Okay, I knew the Nazis were into all sorts of pseudoscience in pursuit of their crazy theories (and just to keep Schiklgruber happy) , but setting up a research institute to teach them to speak (real words, not “arf!”), read, and even read minds?

Science!

The dog school was called the Tier-Sprechschule ASRA and was based near Hanover. Led by headmistress Margarethe Schmitt, it was set up in the 1930s and continued throughout the war years.

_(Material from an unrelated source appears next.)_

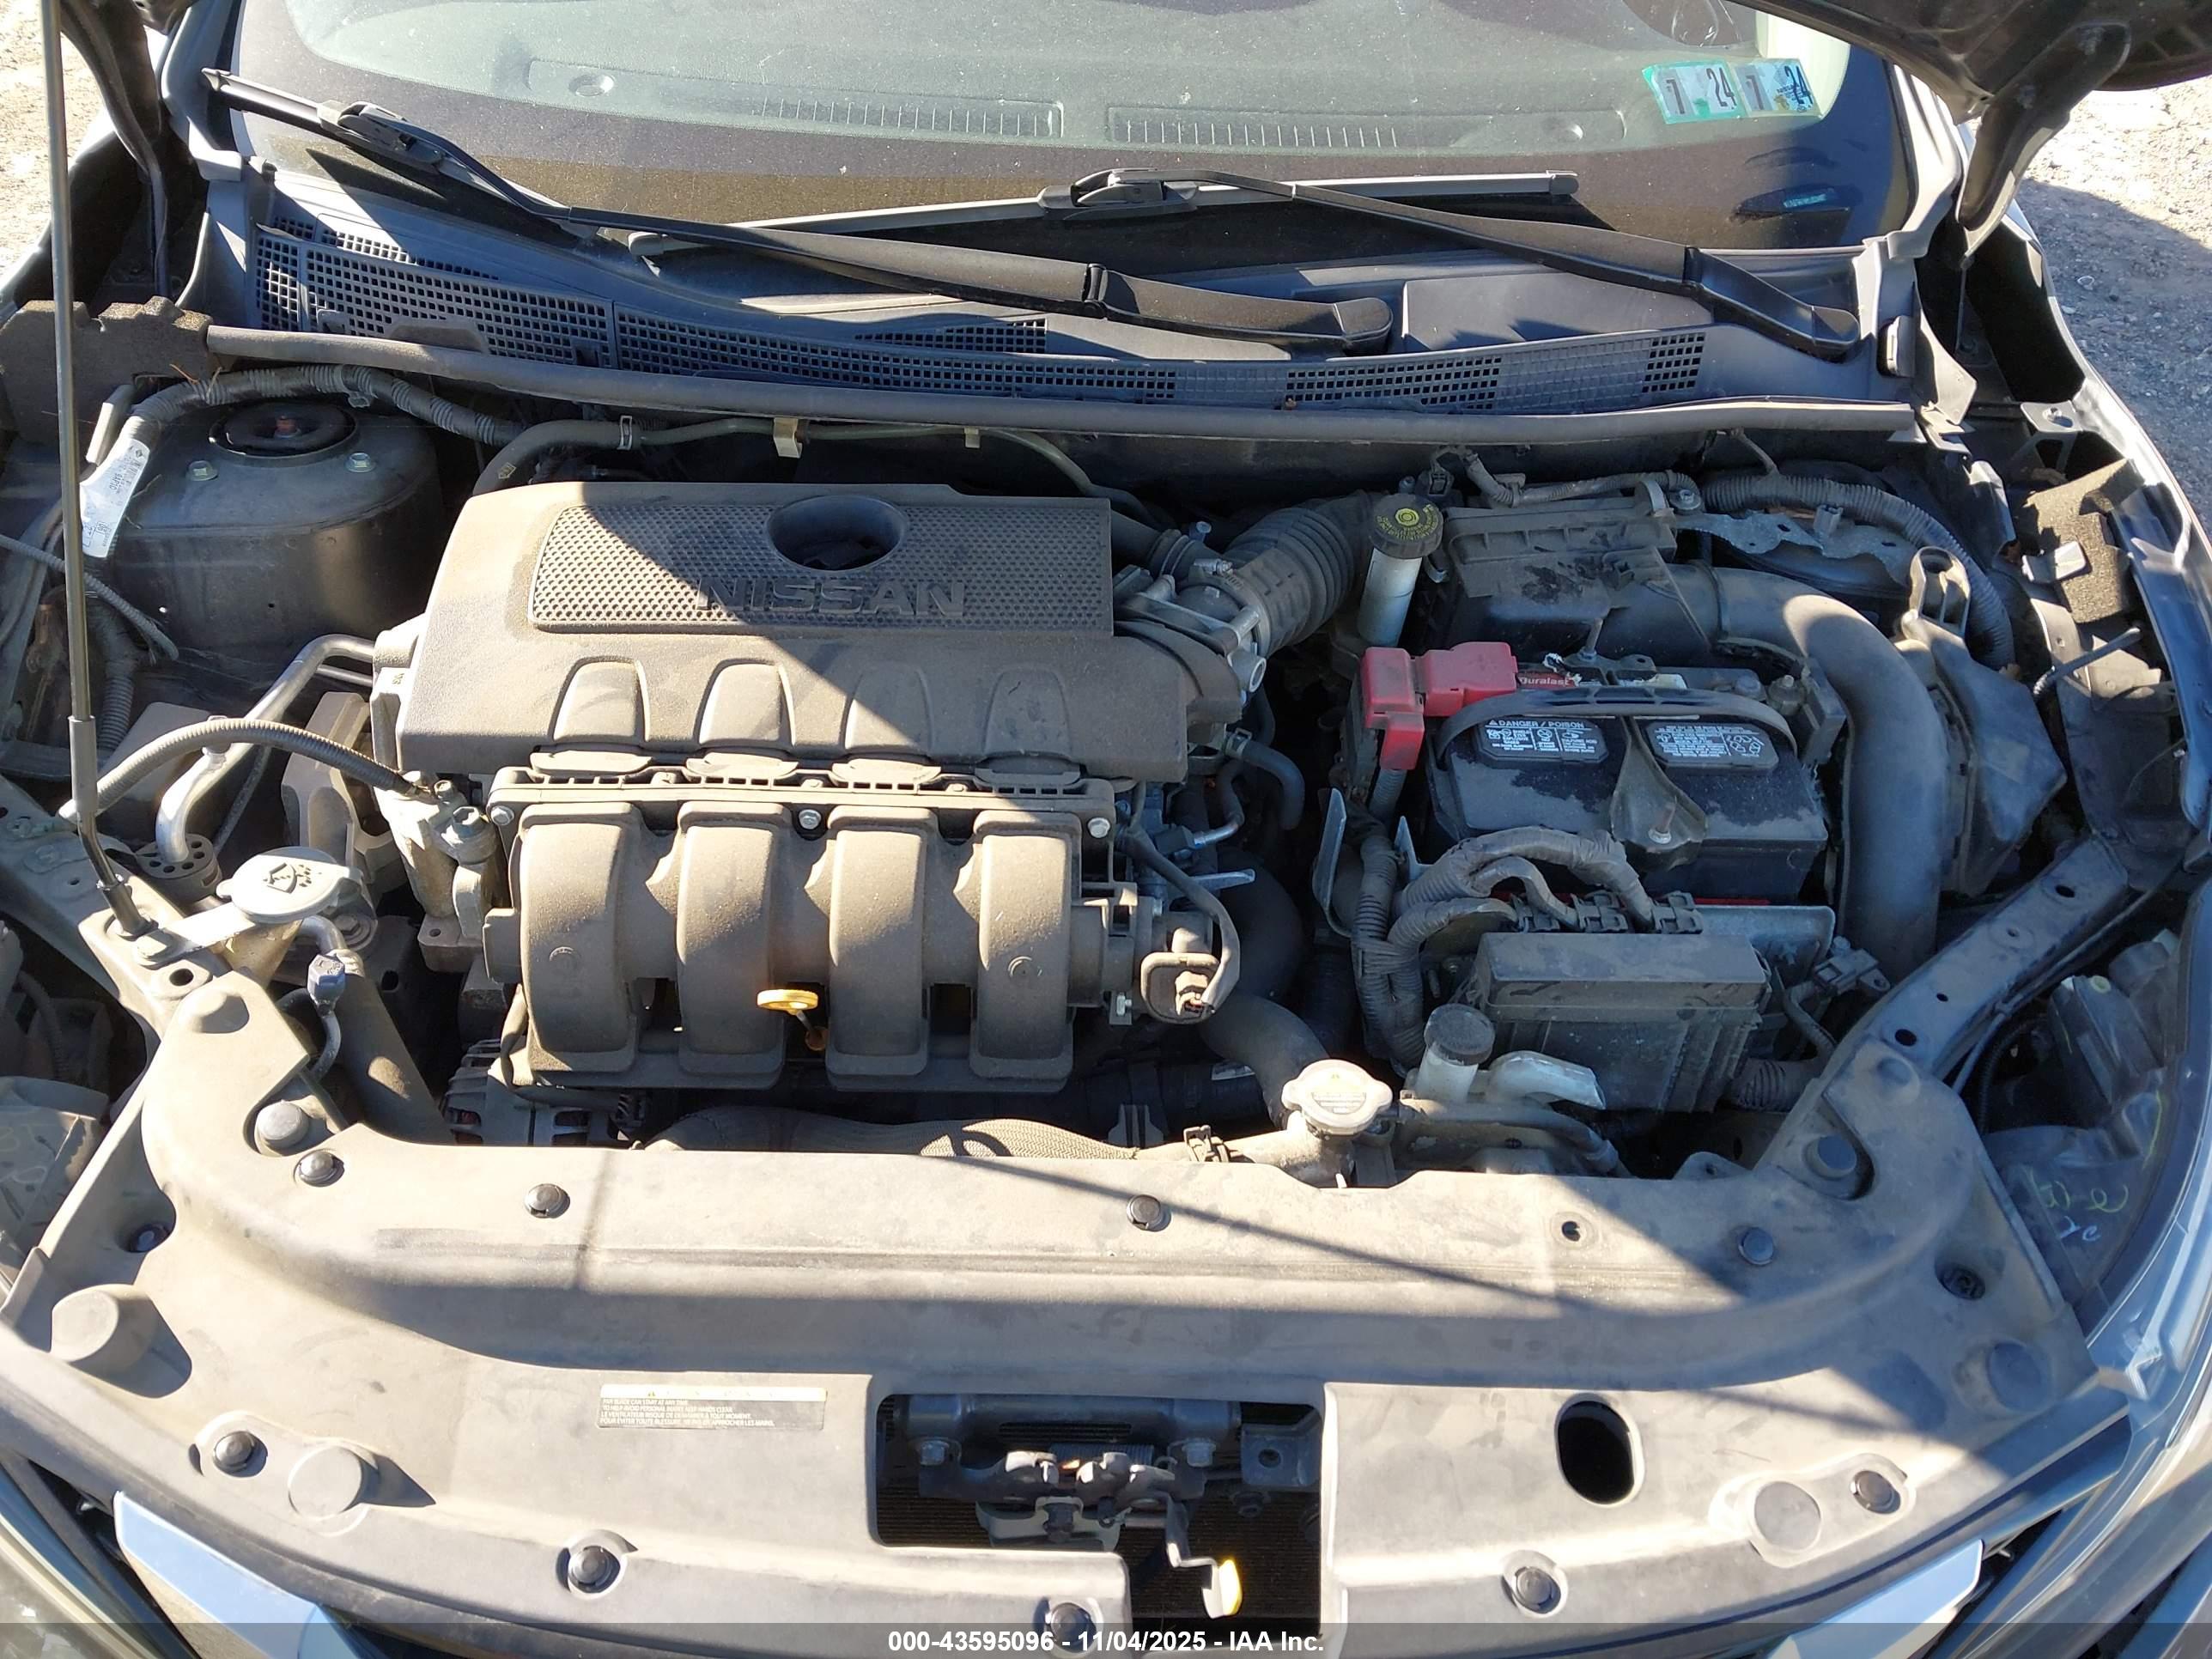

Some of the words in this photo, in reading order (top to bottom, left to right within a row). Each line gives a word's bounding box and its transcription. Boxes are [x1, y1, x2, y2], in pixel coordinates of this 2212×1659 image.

[1706, 68, 1737, 107] 24
[1784, 65, 1814, 106] 24
[696, 578, 964, 617] NISSAN

Rolf, an Airedale terrier, reportedly ‘spoke’ by tapping his paw against a board, each letter of the alphabet being represented by a certain number of taps. He was said to have speculated about religion, learnt foreign languages, written poetry and asked a visiting noblewoman: ‘Could you wag your tail?’

The patriotic dog even expressed a wish to join the army – because he disliked the French.

A Dachshund named Kurwenal was said to speak using a different number of barks for each letter, and told his biographer he would be voting for Hindenburg.

And a German pointer named Don imitated a human voice to bark: ‘Hungry! Give me cakes.’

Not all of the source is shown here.